Nous avons le plaisir de vous inviter au concert « Cordes de soie » de la harpiste voyageuse Mandragore. Mandragore nous emmène avec elle dans un fabuleux voyage, de la Bosnie jusqu’à l’Asie centrale, pour nous faire partager ses aventures, sa passion pour les musiques balkaniques et orientales, et sa passion pour la harpe. Avant son concert et atelier à l’Espace Camac, nous avons interrogé Mandragore sur son histoire, ses recherches minutieuses et quelques aventures bien réelles !

 

  Mandragore and her Aziliz  

Vous êtes une vraie voyageuse ! Cela a-t-il toujours été important pour vous, en tant que musicienne, de pouvoir vous déplacer librement à travers le monde – malgré le fait que votre instrument soit la harpe ?

J’ai hérité d’un certain goût du voyage de mes parents, mais c’est beaucoup la musique qui m’a poussée à voyager car j’ai depuis assez jeune un goût prononcé pour les musiques traditionnelles du monde.

Mais il y a eu une expérience fondatrice lorsqu’à 25 ans j’ai eu la chance de partir jouer à Gorazde, en Bosnie (une petite ville qui avait énormément souffert de la guerre en Yougoslavie). Là-bas, lorsque j’ai pu vivre l’expérience d’avoir mon instrument avec moi en voyage et ce qu’il pouvait provoquer dans mes rencontres avec les gens m’a donné envie de trouver des solutions pour voyager avec elle (la camionnette aménagée, notamment, la solidarité internationale entre harpiste parfois).

 

 

Et puis les musiciens qui voyagent le savent bien, être privé de son instrument dans des moments où on vit des expériences sensibles nouvelles, c’est toujours frustrant car dans ces moments-là, on a souvent de l’inspiration ou bien le besoin de traduire ses émotions par la musique, notre langue

Votre projet, Cordes de soie, est un concert conté (lié à votre album), il retrace vos aventures et nous fait entendre des airs et chants des Balkans jusqu’à l’Asie centrale.  C’est un voyage éclectique, en termes de pays, de genres et de styles ! Comment est née votre fascination pour la musique de la route de la soie ?

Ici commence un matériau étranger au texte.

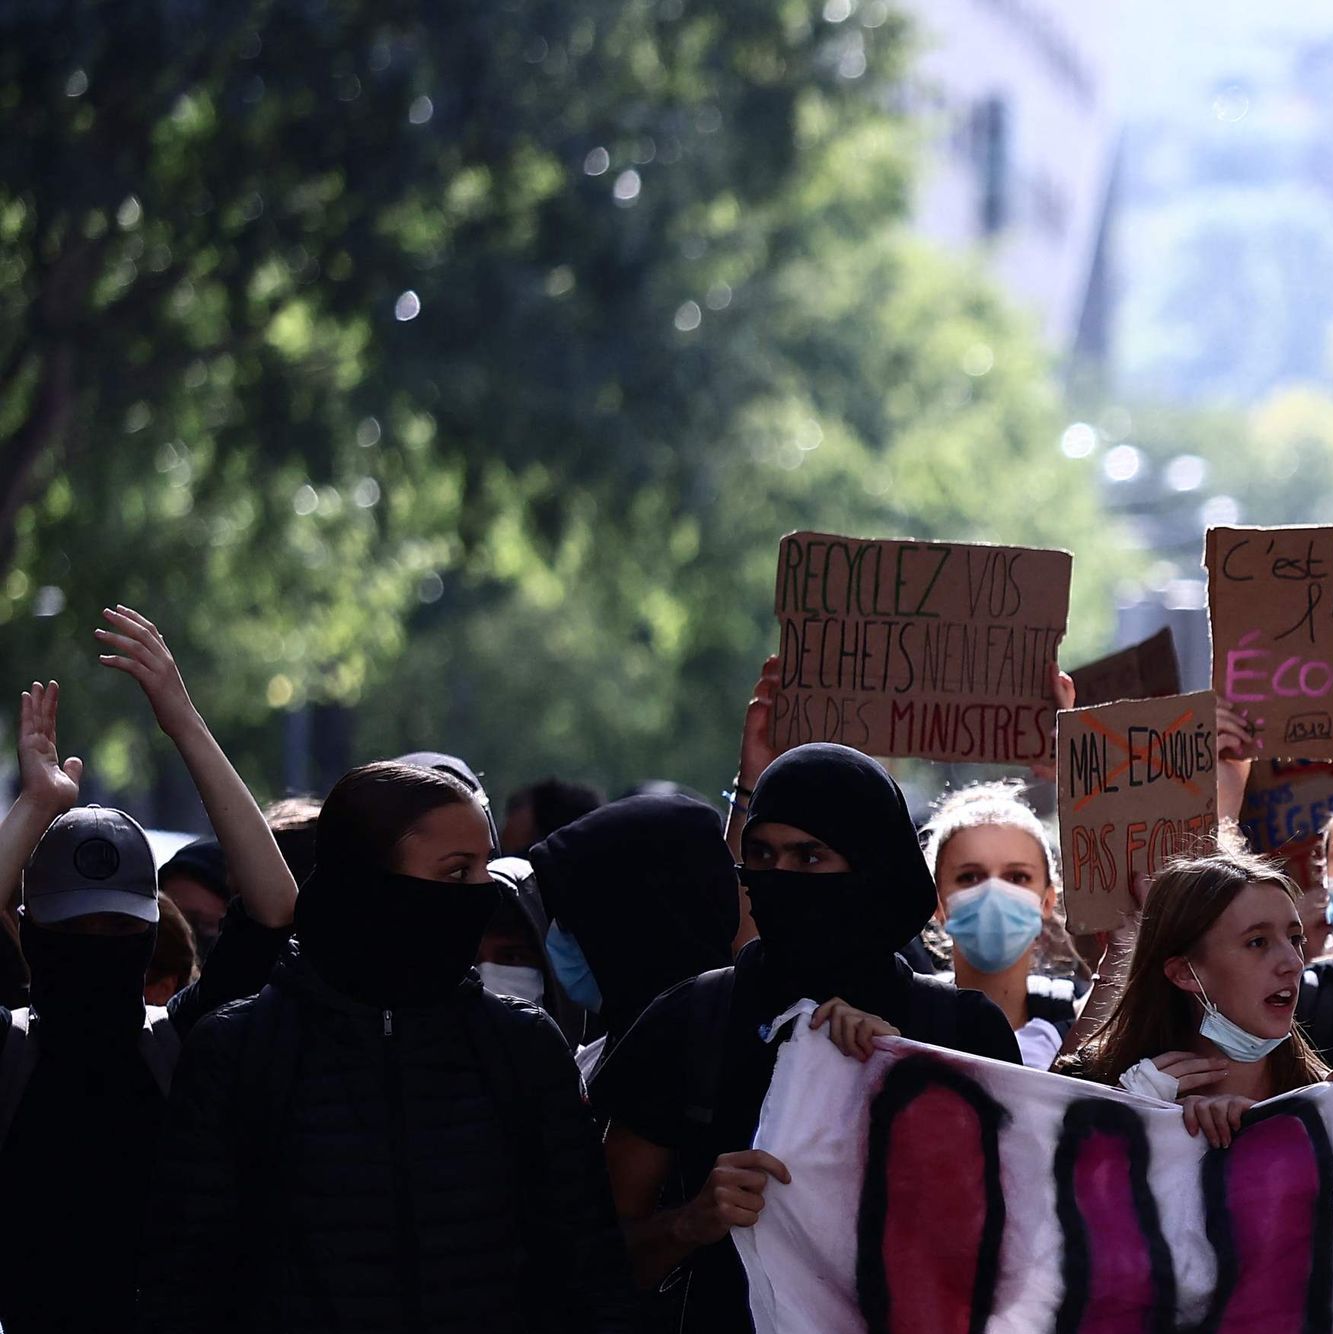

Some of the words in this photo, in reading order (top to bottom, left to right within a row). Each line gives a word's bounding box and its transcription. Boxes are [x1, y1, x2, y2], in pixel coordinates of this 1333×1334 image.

Dès les années 90, j’avais découvert certaines musiques proche et moyen-orientales via des disques de collection musicologique (Ocora notamment) mais c’est réellement en 2008 que j’ai rencontré ces musiques au cours d’un autre voyage fondateur le long de la route de la soie pendant 7 mois, que je raconte dans une bande dessinée « Ipak Yoli, route de soi(e) ». 

Au cours de ce voyage, moi et mon compagnon, avons enregistré plein de musiciens au fil de la route et de nos rencontres (bien aidé par la présence de ma harpe Aziliz que nous transportions dans notre camionnette). Des Balkans jusqu’à l’Asie centrale, j’y ai trouvé un univers musical nouveau pour moi, un monde où l’ex-empire Ottoman et l’ex-empire persan ont laissé leur marque et où la musique est principalement modale au contraire du fonctionnement harmonique de nos musiques occidentales. J’y ai trouvé une nouvelle voie pour approcher mon instrument et ma voix (car je suis surtout chanteuse-harpiste). Une approche où la recherche va plus vers l’ornementation, l’improvisation et la rythmique.

 

 

 

A l’occasion de ce concert, Mandragore propose également un atelier gratuit le samedi 23 novembre à partir de 14 h. Dans le cadre de votre atelier à Paris, vous parlerez du Cheng, un instrument régional. Comment vous êtes-vous intéressé à cet instrument ?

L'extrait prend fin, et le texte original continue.